Readjustment benefits, for example, have provided education and training, unemployment compensation, and home loan benefits for World War II and Korean conflict veterans at a cost to date of about $27 billion. Furthermore, we should and will continue to provide disability and death compensation and hospital and other benefits for veterans disabled in service, who are our first responsibility.

The Federal Government is presently spending $5 billion a year for veterans' services and benefits and veterans already enjoy a highly

preferred position among the groups which receive special Federal assistance.

There is one more important point. World and domestic developments have placed upon the Federal Government a whole range of urgent responsibilities which have resulted in the continuation of a high Federal budget and create the prospect that financial stringency will continue for many years. Continuing world tension requires large security expenditures, and there are also great pressures for expansion in a wide range of domestic programs. The continuation of Federal expenditures and taxes at record peacetime levels has helped generate inflationary pressures, which, if allowed to continue unabated can weaken our whole economy. In this situation, there are many claimants for Federal resources and not all desires can be met.

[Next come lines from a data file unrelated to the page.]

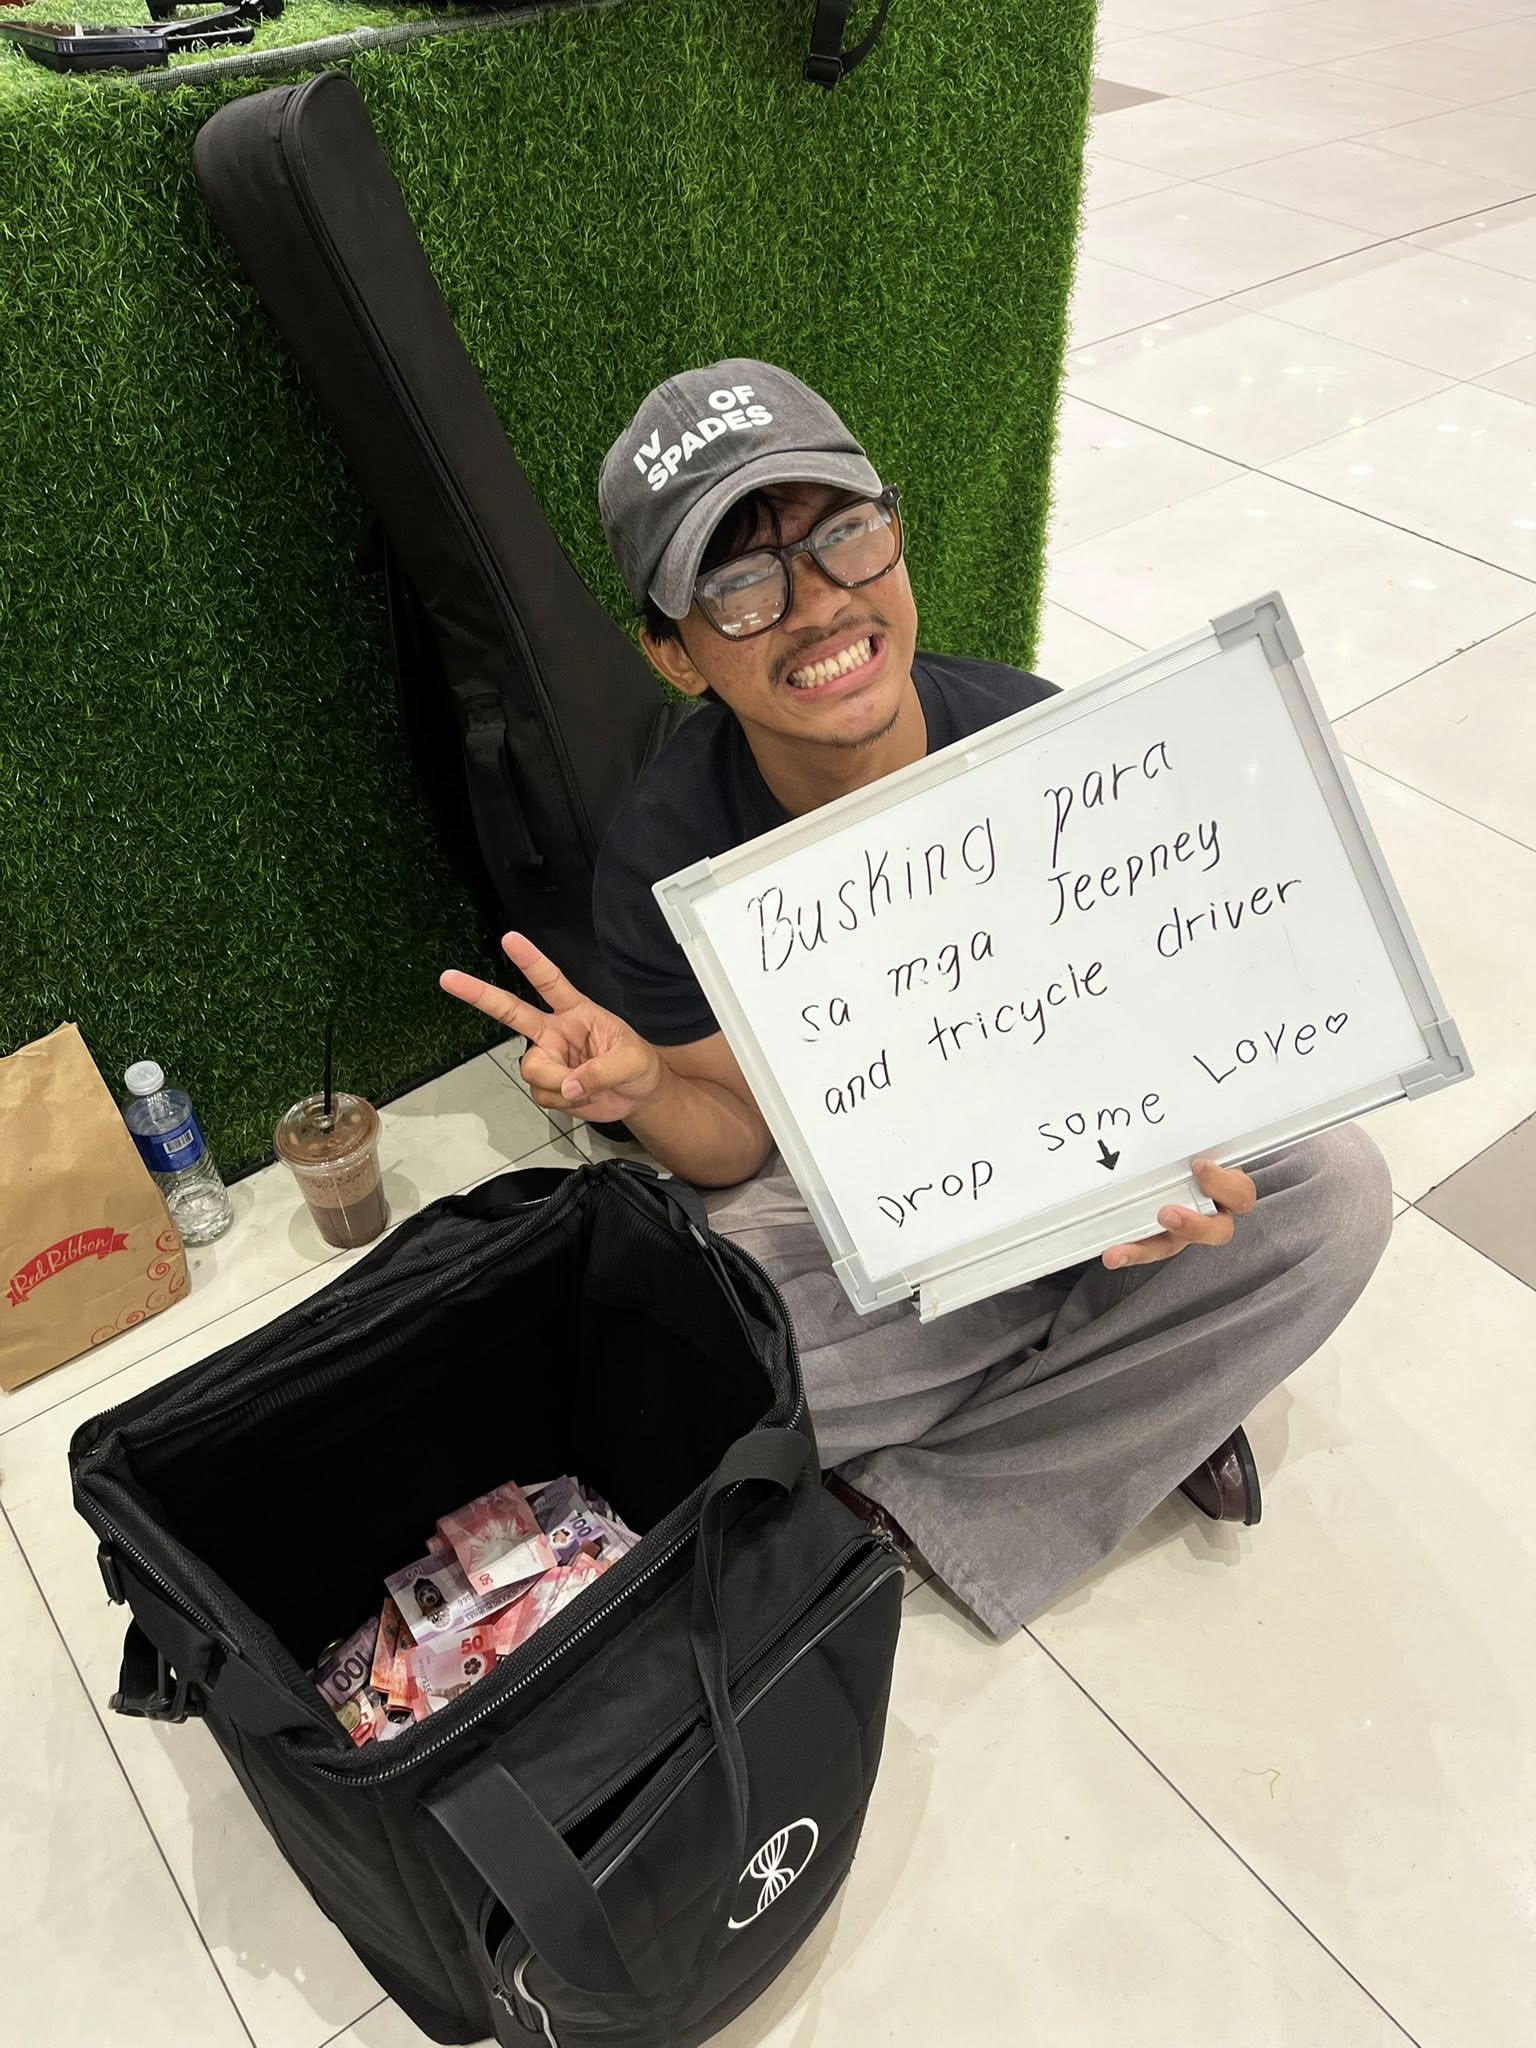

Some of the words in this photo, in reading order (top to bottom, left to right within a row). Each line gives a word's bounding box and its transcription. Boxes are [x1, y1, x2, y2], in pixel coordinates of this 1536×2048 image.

[632, 428, 661, 475] IV
[707, 384, 756, 412] OF
[646, 404, 774, 492] SPADES
[747, 817, 996, 972] Busking
[1043, 740, 1173, 869] para
[801, 997, 851, 1043] sa
[886, 930, 995, 997] mga
[1047, 819, 1221, 926] Jeepney
[824, 1048, 892, 1115] and
[1156, 878, 1302, 958] driver
[1037, 1092, 1166, 1152] some
[1192, 1022, 1318, 1084] Love
[12, 1259, 50, 1296] Red
[46, 1234, 108, 1273] Ribbon
[568, 1511, 593, 1538] 100
[331, 1650, 370, 1693] 100
[460, 1634, 485, 1655] 50

We are gratified that the principle of basing veterans' pensions on need has received wide acceptance. However, this will mean little or nothing if the income Imitations and other specific provisions of law which govern the payment of veterans' pensions are allowed to deviate to widely from the basic standards in the other social programs applicable to the general population.

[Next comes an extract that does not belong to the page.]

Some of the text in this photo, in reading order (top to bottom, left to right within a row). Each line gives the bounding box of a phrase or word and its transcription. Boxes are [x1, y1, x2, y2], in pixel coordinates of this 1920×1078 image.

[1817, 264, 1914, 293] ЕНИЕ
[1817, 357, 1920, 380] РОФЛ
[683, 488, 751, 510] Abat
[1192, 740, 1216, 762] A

We support the continuation of a separate veterans' pension system. However, we believe that the benefit provisions of H.R. 7650 are deficient in the many respects which I have noted and that the cost of pensions under this bill would be far higher than is necessary. We urge your committee to adopt a pension bill which will provide a sound, equitable, and adequate program free from the serious defects which H.R. 7650 contains.

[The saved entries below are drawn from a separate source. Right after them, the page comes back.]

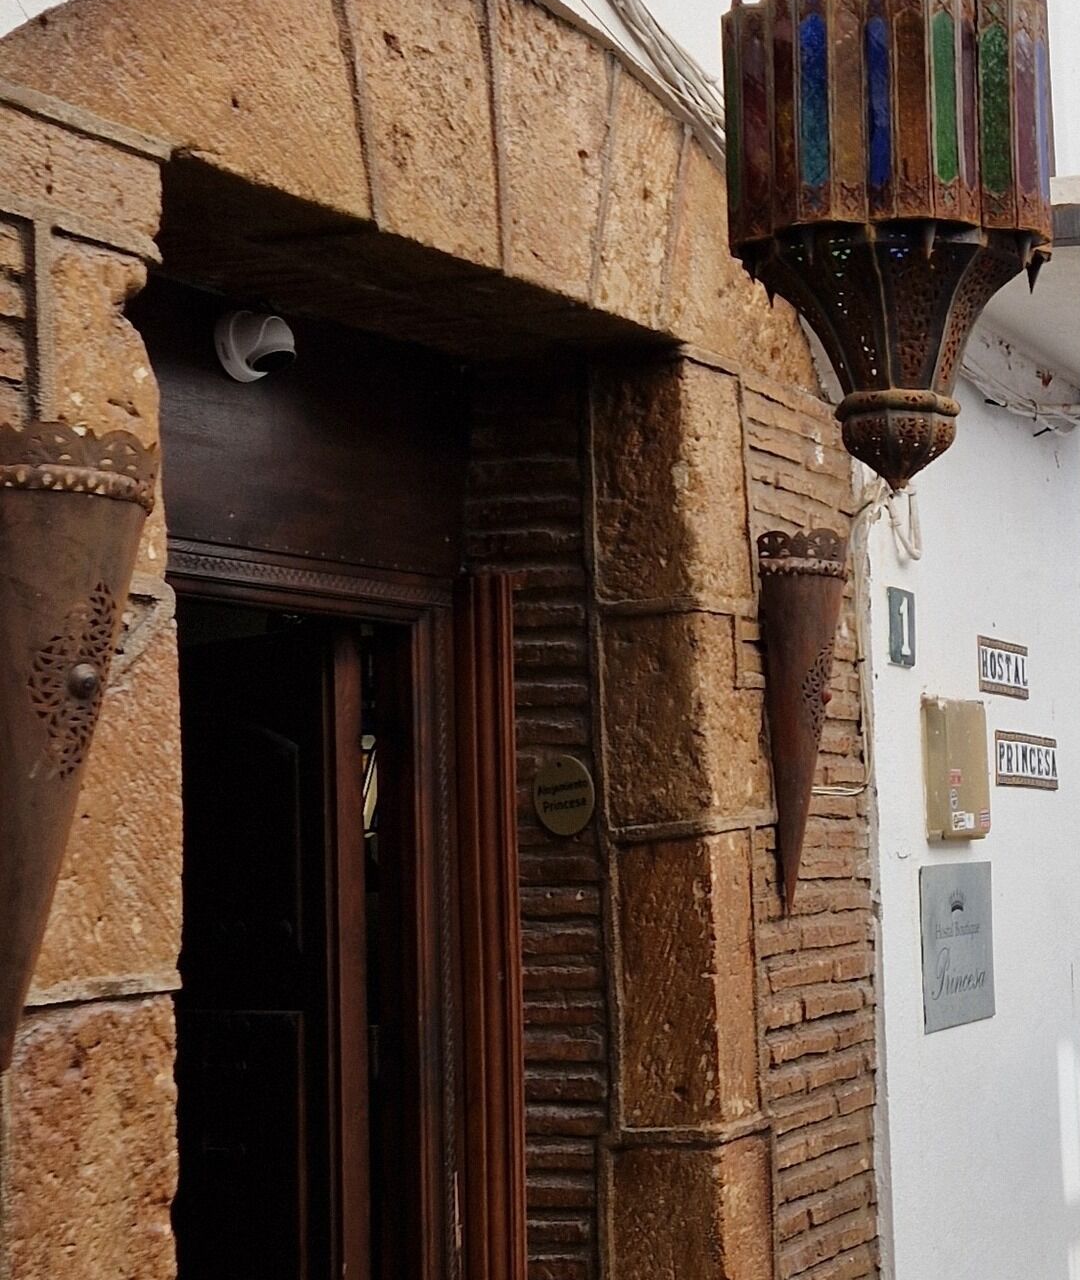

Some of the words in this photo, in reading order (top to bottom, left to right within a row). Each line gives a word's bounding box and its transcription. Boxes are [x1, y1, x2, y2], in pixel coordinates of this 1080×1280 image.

[899, 596, 911, 656] 1
[981, 649, 1028, 686] HOSTAL
[999, 743, 1058, 777] PRINCESA
[543, 798, 586, 813] Princesa
[931, 946, 986, 1001] Princesa

The CHAIRMAN. Thank you very much, Mr. Stans.

Mr. Stans, do I understand that this bill as passed by the House would increase the non-service-connected pensions by 30 percent? Mr. STANS. In the first year.

The CHAIRMAN. How much would the increase be over the 40-year period?

Mr. STANS. The increase would be $10 billion between now and the year 2000.

The CHAIRMAN. How long has it been since the last increase?

Mr. STANS. The last increase in pensions, I understand, occurred in 1954.

The CHAIRMAN. Was it last year that this committee reported on a bill granting a 10-percent increase for those in the service-connected. categories?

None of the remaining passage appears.